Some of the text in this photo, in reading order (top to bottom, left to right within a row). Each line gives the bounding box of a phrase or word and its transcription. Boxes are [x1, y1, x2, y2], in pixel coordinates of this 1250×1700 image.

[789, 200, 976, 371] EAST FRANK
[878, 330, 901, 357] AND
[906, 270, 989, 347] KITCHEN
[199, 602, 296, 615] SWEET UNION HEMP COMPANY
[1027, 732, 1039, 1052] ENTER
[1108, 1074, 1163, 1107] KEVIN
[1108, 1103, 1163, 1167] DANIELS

_Problem requirements_. Reproduce all the data precisely, word for word.

_Result for this exercise_.
Some of the text in this photo, in reading order (top to bottom, left to right within a row). Each line gives the bounding box of a phrase or word and its transcription. Boxes are [x1, y1, x2, y2], in pixel coordinates of this 1250×1700 image.

[789, 200, 976, 371] EAST FRANK
[878, 330, 901, 357] AND
[906, 270, 989, 347] KITCHEN
[199, 602, 296, 615] SWEET UNION HEMP COMPANY
[1027, 732, 1039, 1052] ENTER
[1108, 1074, 1163, 1107] KEVIN
[1108, 1103, 1163, 1167] DANIELS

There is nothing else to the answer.